Can you say “hypocrisy”?

A full catalogue of the process is simply too painful to type out, so here is a summary:

  • replacing the flag
  • changing the national anthem (can’t mention the Queen, now, can we . .  . ?)
  • changing our system of weights and measures (from British to – drum roll, please! – French)
  • changing the name of the country (from the “Dominion of Canada” to plain old “Canada” because “Dominion” was thought to sound too British – it’s not; “Dominion” is a Canadian invention)
  • changed the name of the national holiday (can’t have that pesky old Dominion, now, can we . . . ?)
  • erased symbols of the Monarchy wherever possible (stamps, money, the names of the armed forces and Crown corporations . . . Papa Trudeau even tried to get rid of the “Royal” in “Royal Canadian Mounted Police”)
  • And yes, I could go on . . .

And where does it all lead?
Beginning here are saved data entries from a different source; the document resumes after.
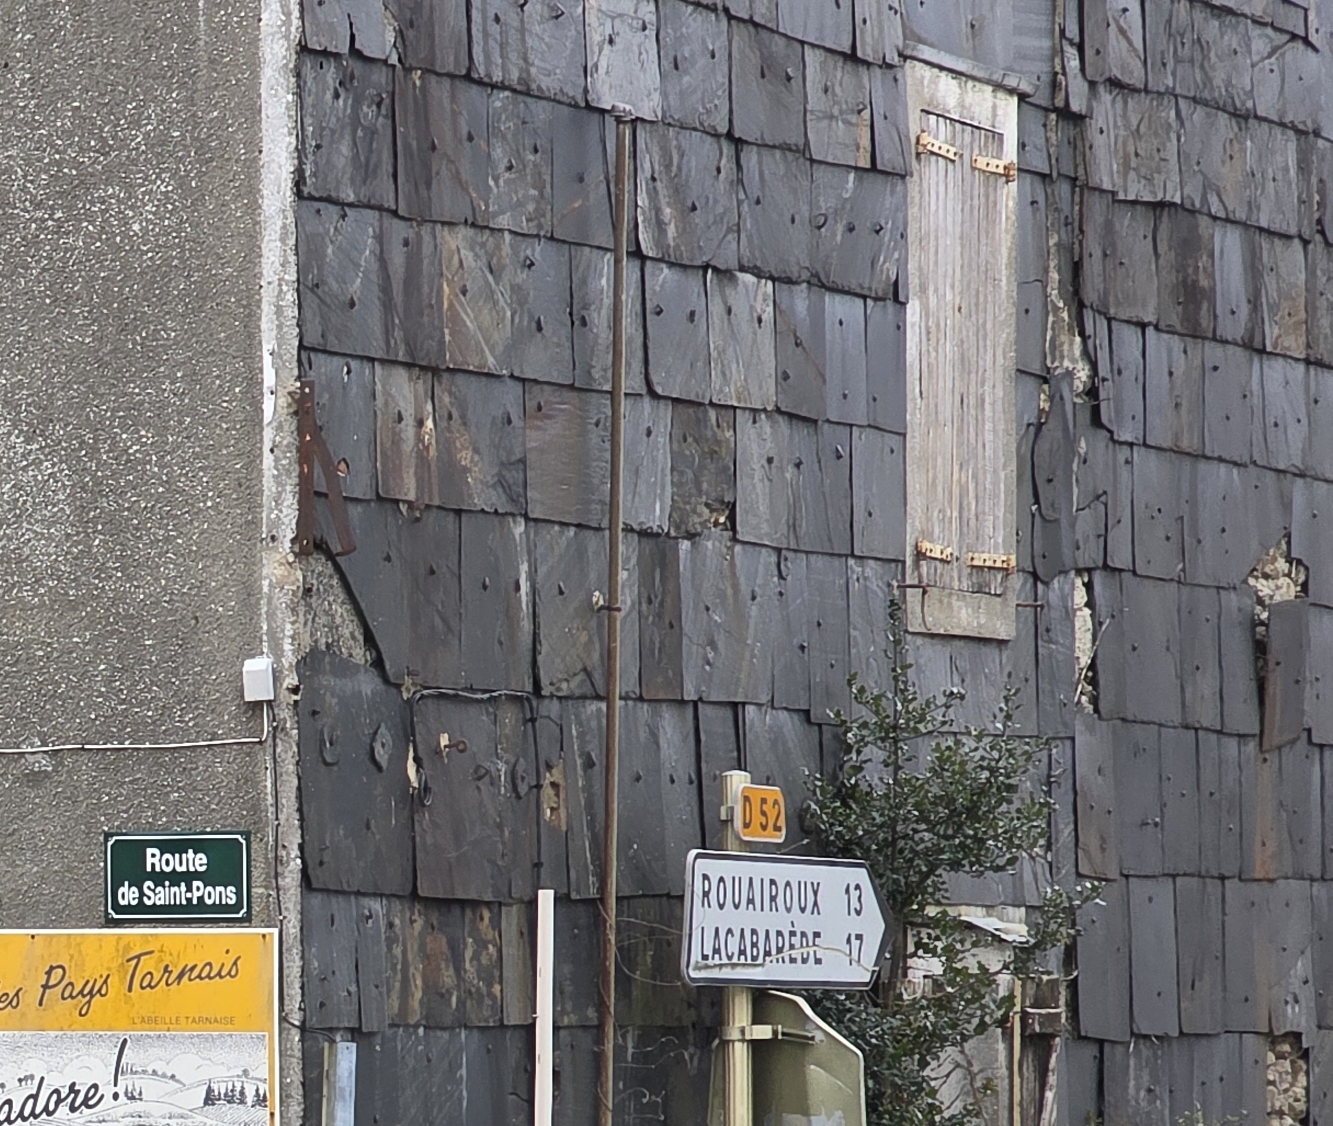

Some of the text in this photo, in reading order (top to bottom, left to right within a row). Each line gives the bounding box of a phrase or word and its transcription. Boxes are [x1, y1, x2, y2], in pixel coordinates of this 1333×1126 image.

[742, 795, 782, 832] D 52
[145, 847, 208, 872] Route
[117, 880, 237, 905] de Saint-Pons
[701, 873, 863, 916] ROUAIROUX 13
[700, 921, 864, 966] LACABARÈDE 17
[38, 964, 111, 1018] Pays
[126, 948, 241, 993] Tarnais
[132, 1016, 236, 1025] L'ABEILLE TARNAISE
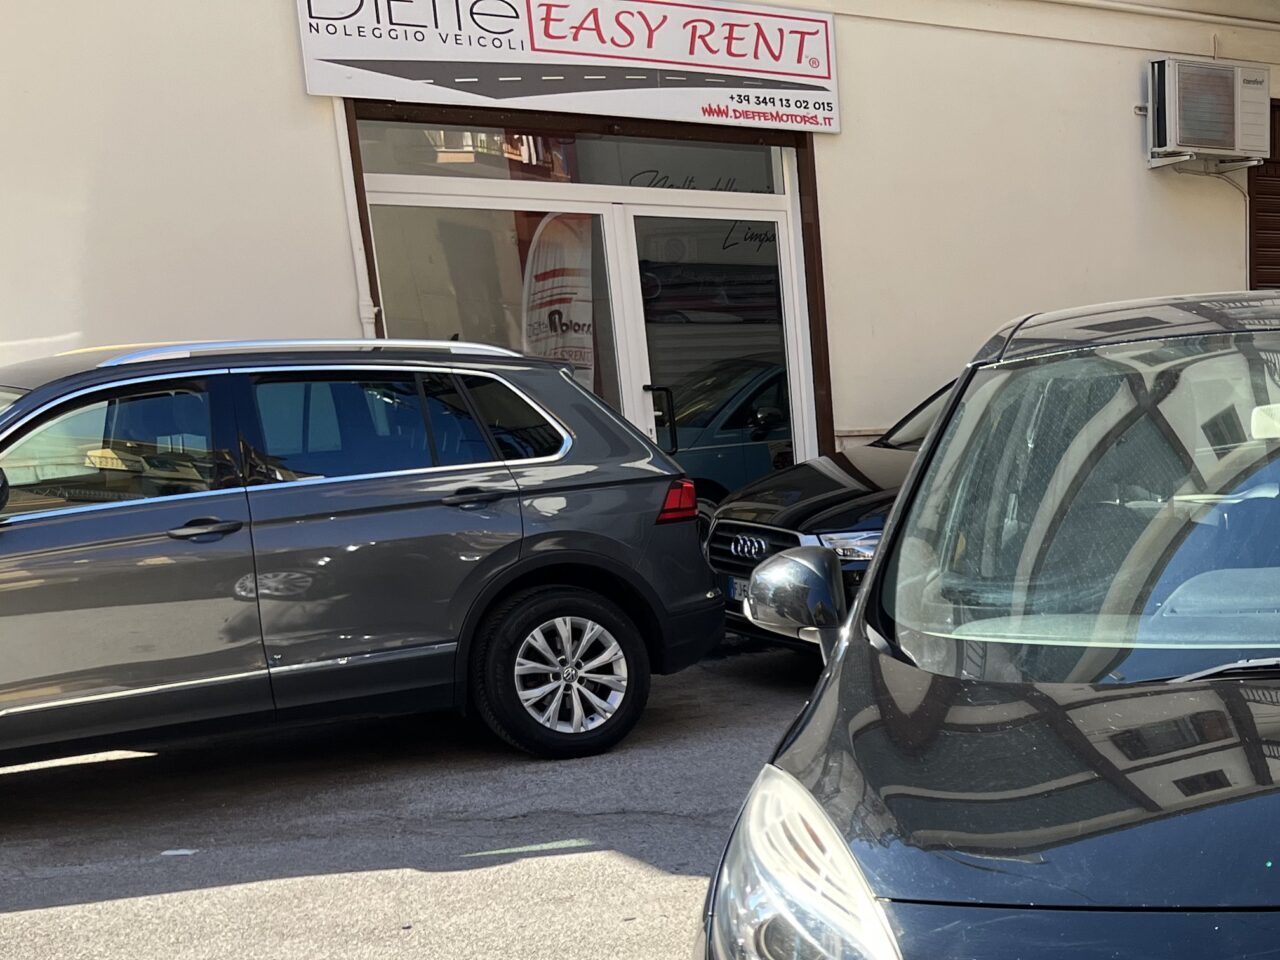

To the Republic of Canada, sans (French chosen to make a point) all traces of our British heritage in order to fully realize Trudeau the Lesser’s Brave New World of the New Multicultural World Order. Little Justin has already gone on record as saying that “Canada has no core traditions” and so is destined to be “the world’s first post national state”.

And so, what is there to celebrate for a traditional Canadian?

Not much.


The Pendulum Swings

Remember Roger Miller’s song “England Swings?”

England swings like a pendulum do
Bobbies on bicycles, two by two
Westminster Abbey, the tower of Big Ben
The rosy-red cheeks of the little children


Lots of fun.

I have witnessed the rise of political correctness over the past fifty years – ruefully, I might add. We have gone from the witch hunts of McCarthyism to the witch hunts of so-called human rights tribunals.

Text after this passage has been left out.